Effects of in Vivo Heregulin β1 Treatment in Wild-Type and ErbB Gene-Targeted Mice Depend on Receptor Levels and Pregnancy

Abstract

Mice heterozygous (+/-) for either heregulin (HRG), ErbB2, or ErbB3 were created by gene targeting, resulting in the loss of one functional gene copy and an associated decrease in targeted protein. We examined the in vivo activity of recombinant HRG peptide, rHRG beta1 (amino acids 177 to 241), in the three heterozygous mouse lines and in wild-type (WT) mice, both pregnant and nonpregnant.

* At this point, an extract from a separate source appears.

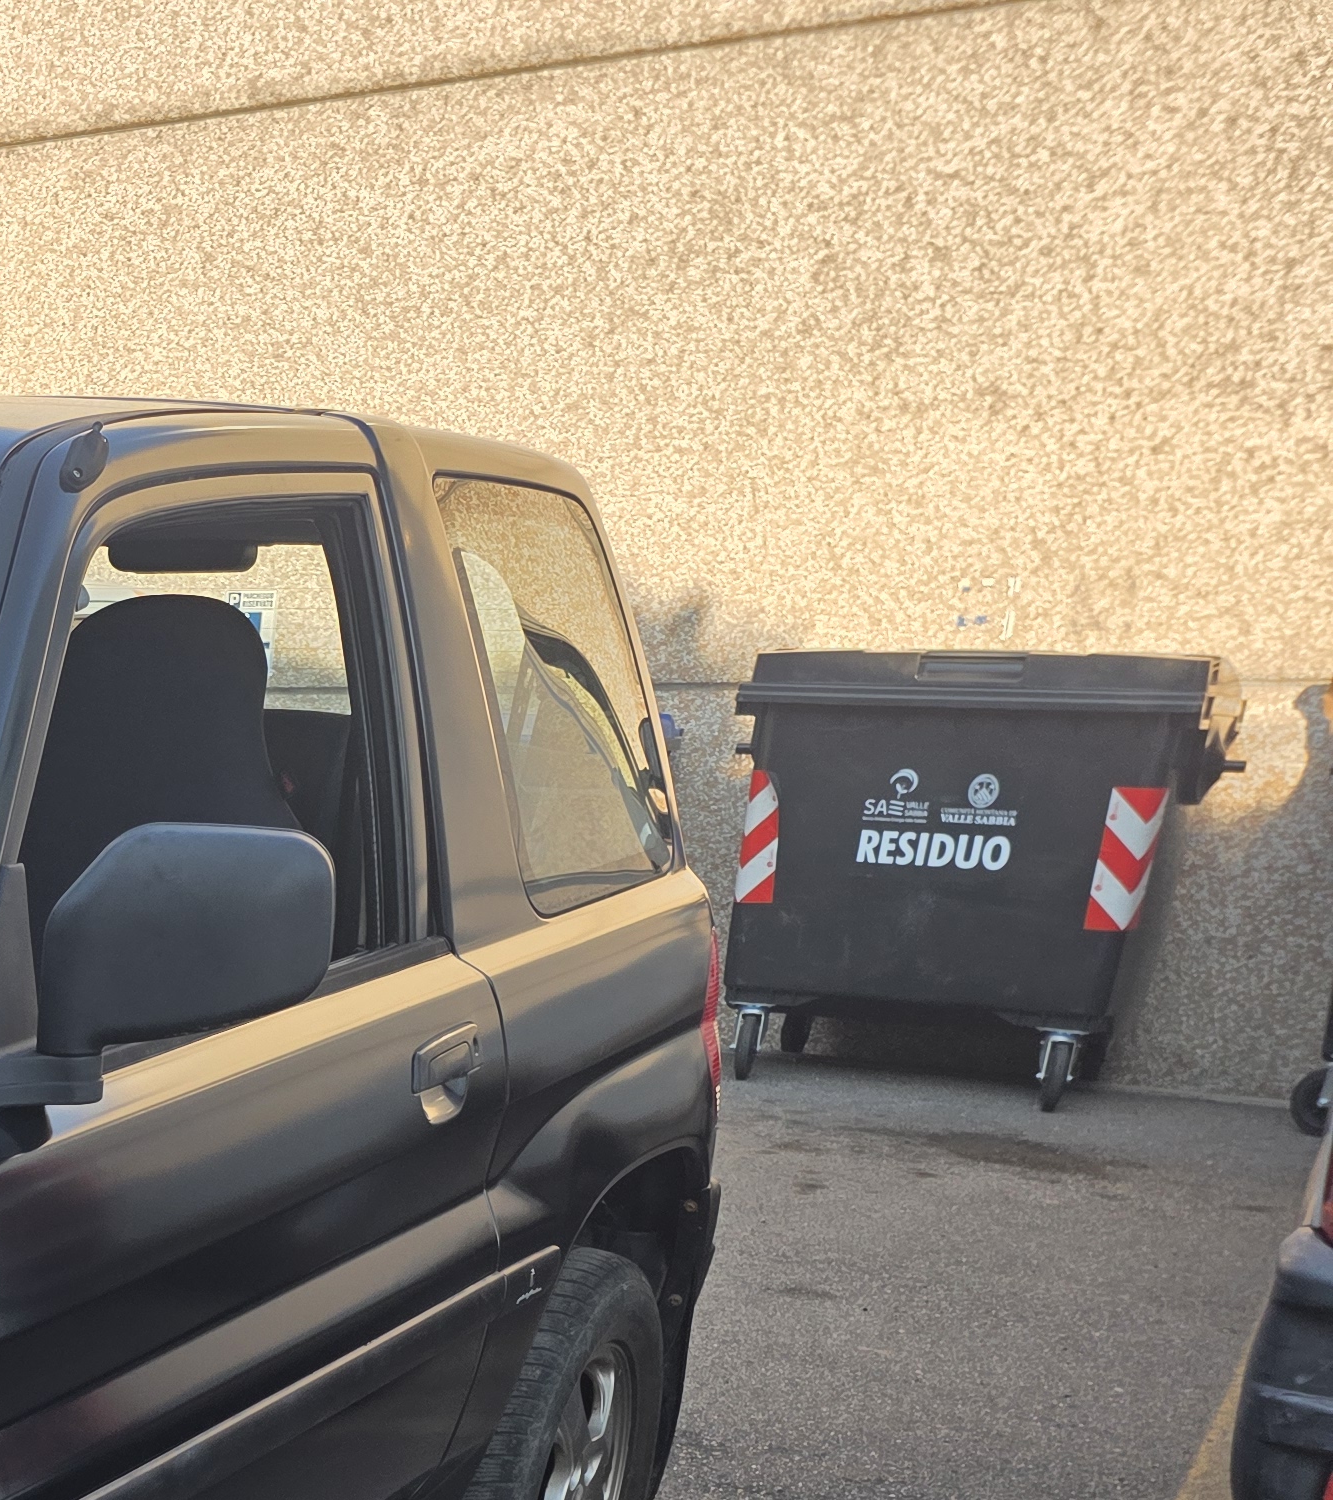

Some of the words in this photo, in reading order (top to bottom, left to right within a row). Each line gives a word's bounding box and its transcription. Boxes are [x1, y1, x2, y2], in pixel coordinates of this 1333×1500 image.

Nonpregnant WT and HRG(+/-) mice of both sexes were sensitive to rHRG beta1 treatment as evidenced by a high mortality rate associated with abdominal enlargement and parietal cell loss. However, pregnant WT mice and ErbB2 and ErbB3 heterozygous mice treated with rHRG beta1 were less affected, with significantly lower mortality rates and a less severe abdominal phenotype. Histological analysis revealed extensive breast ductal hyperplasia in females of all genotypes after rHRG beta1 treatment. Hyperplasia of other epithelial tissues such as the pancreas and intestine and the growth of cardiac nerve bundles were also observed, independent of sex.